Colonel Merryl Tengesdal, born in the Bronx, New York, in 1971 was the first and only African American woman to fly the United States Air Force’s U-2 spy plane, the unique and famous aircraft used to spy and reconnaissance flown in the Cold War over the Soviet Union, China, Vietnam, and Cuba. Merryl overcame and broke down barriers in more ways than one. She has accomplished what seemed like a mission impossible, to be in Air force being a pilot working for the spy missions and risky operations overseas.

U-2 Aircraft. Source: Lockheed Martin.

She attended school, showing great interest over science and math classes, being excellent and proficient in these subjects, enrolled in university pursuing a Bachelor of Science in electrical engineering, and in 1994, completed U.S. Navy’s Officer Candidate School. As a naval aviator, she flew a SH-60B Seahawk helicopter working in several and different scenarios of special security operations. Even participated in combat operations around the world.

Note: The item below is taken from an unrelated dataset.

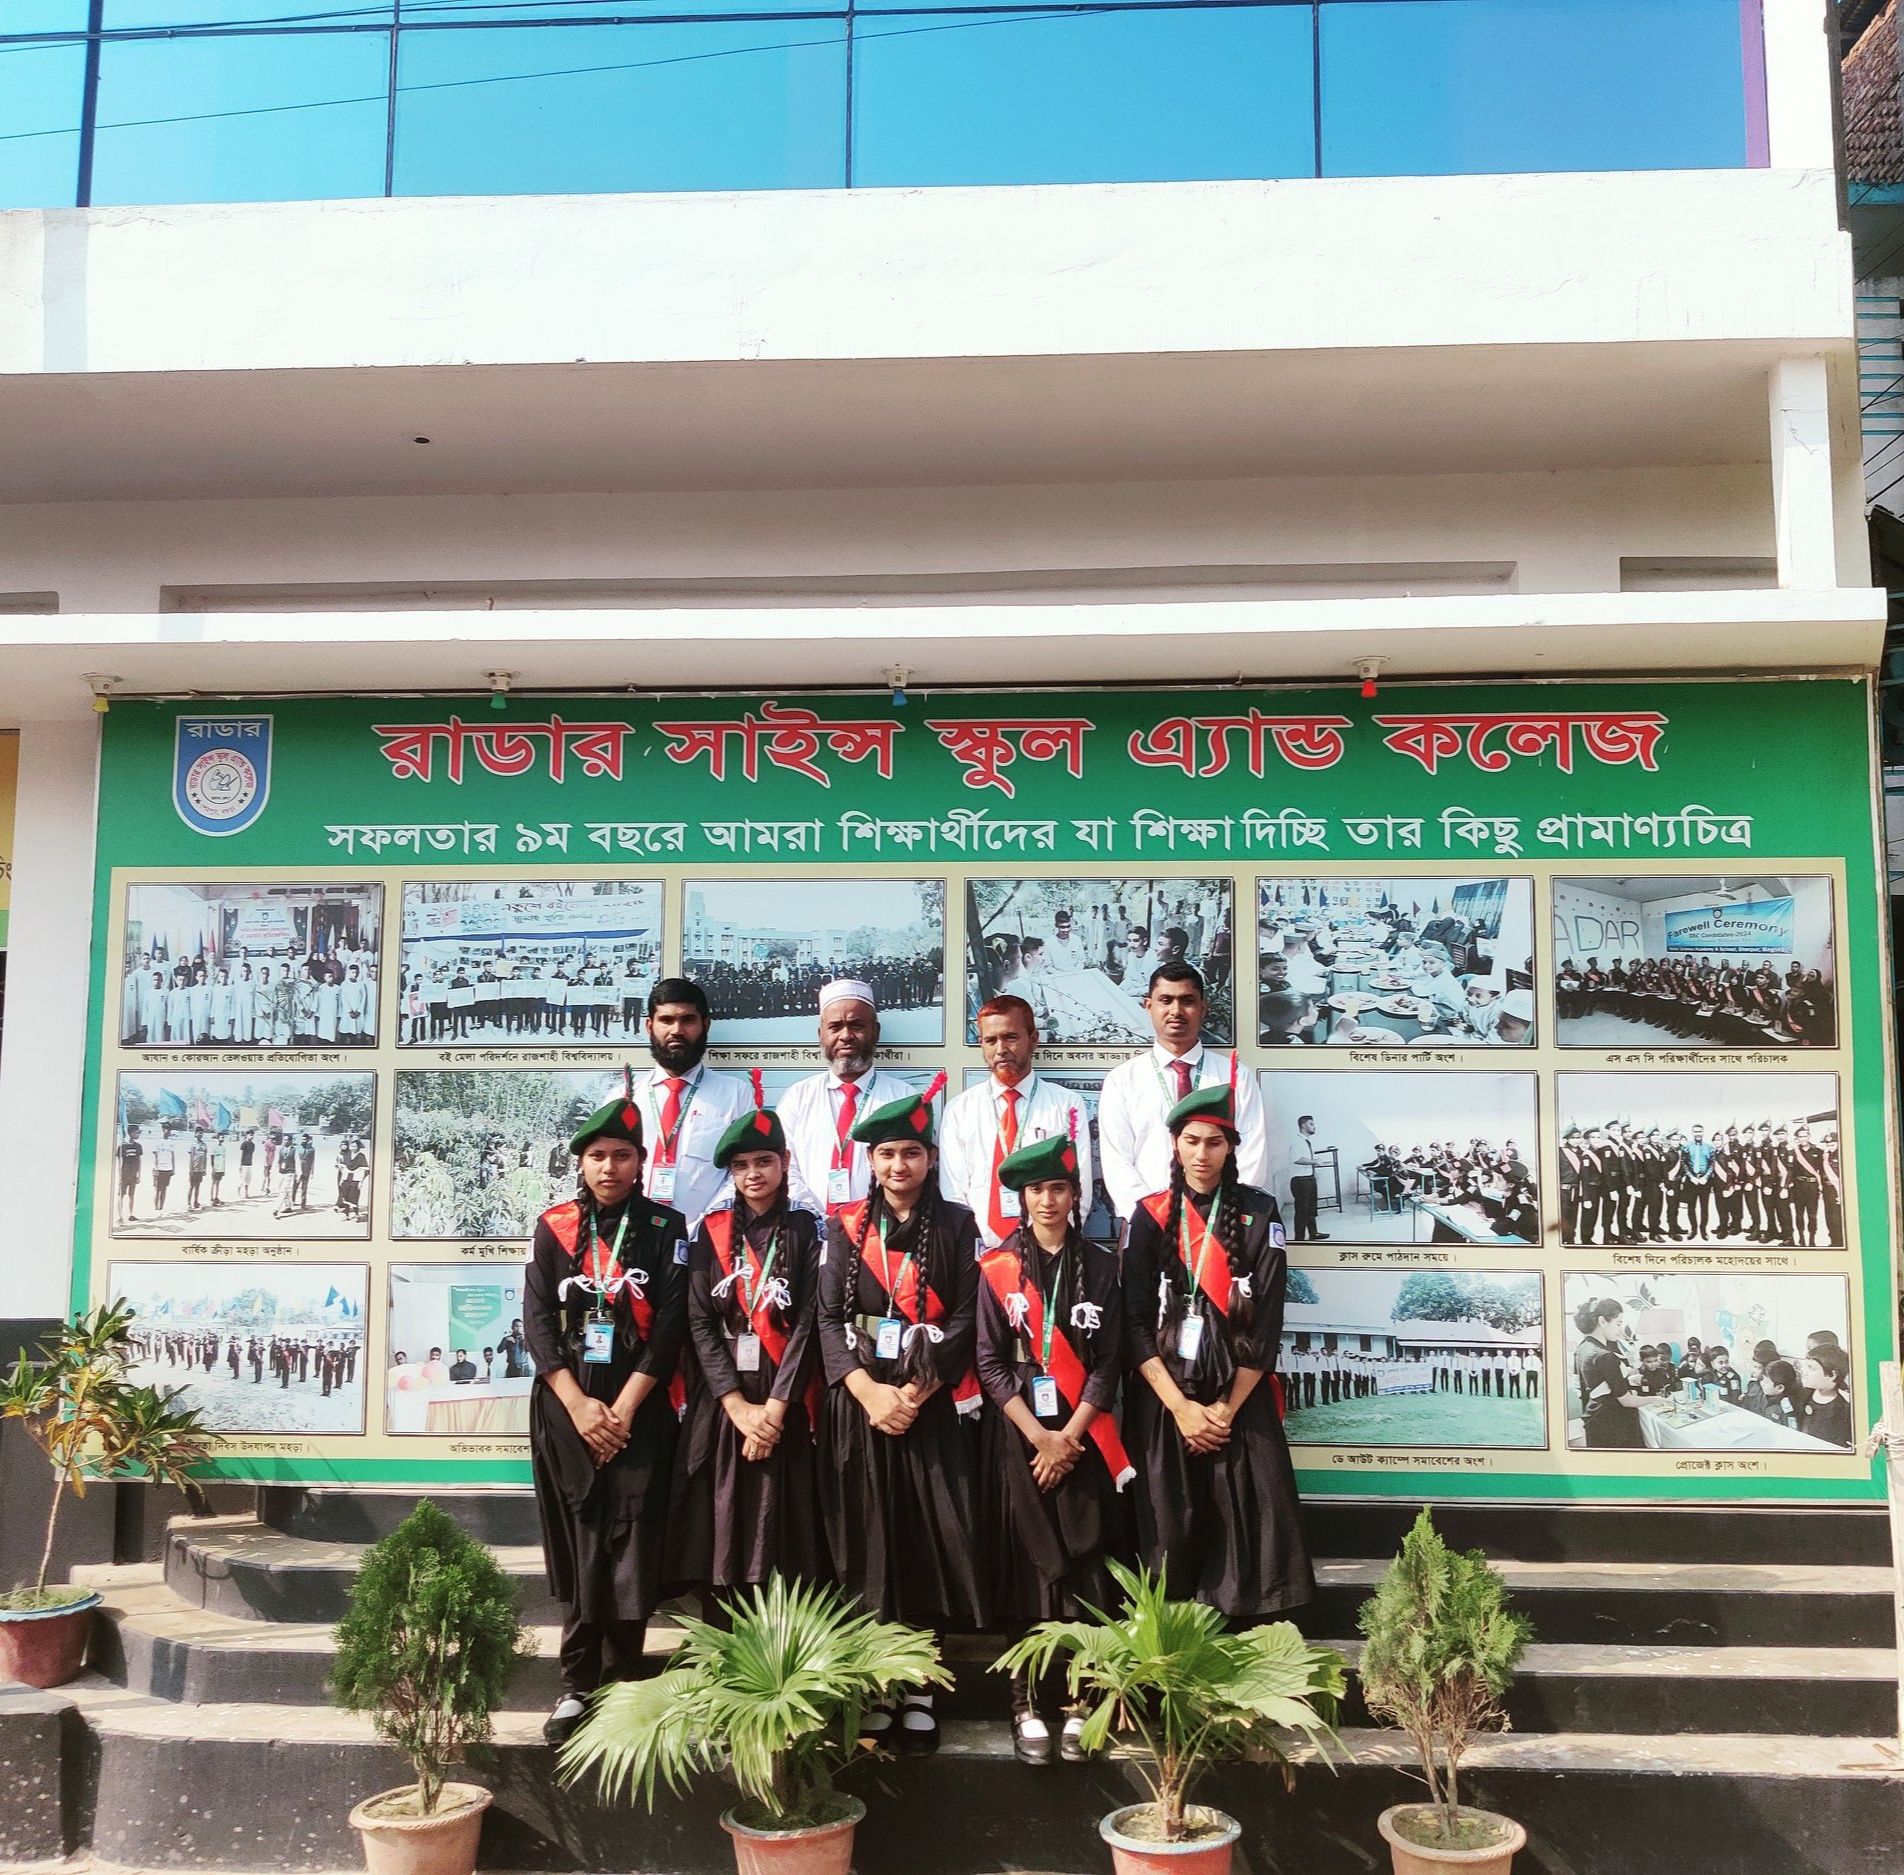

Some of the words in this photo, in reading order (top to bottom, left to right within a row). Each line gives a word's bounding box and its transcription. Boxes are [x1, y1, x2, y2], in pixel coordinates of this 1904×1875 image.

Merryl Tengesdal. Source: merryltengesdal.com
SH-60B helicopter, an aircraft in which merryl has experience. Source: airvectors.net

Tengesdal became an instructor pilot on the T-6 Texan II in 2000s, and in 2004 she approved the rigorous U-2 pilot training program and conducted training missions aboard the TU-2S. Meryl became pilot of the Lockheed U-2S Dragon at Beale Air Force Base in Northern California.

Flying the U-2 seems to be a difficult task and it is, and not only this issue but talking about the overflights in hostile territories. Furthermore, flying a single-seat aircraft over 70,000 feet above the earth surface. Colonel Tengesdal supported U.S. military operations in Iraq, Afghanistan and the Horn of Africa (Djibouti, Ethiopia, Eritrea, and Somalia). During her career she accumulated more than 3,400 flight hours and more than 330 combat hours.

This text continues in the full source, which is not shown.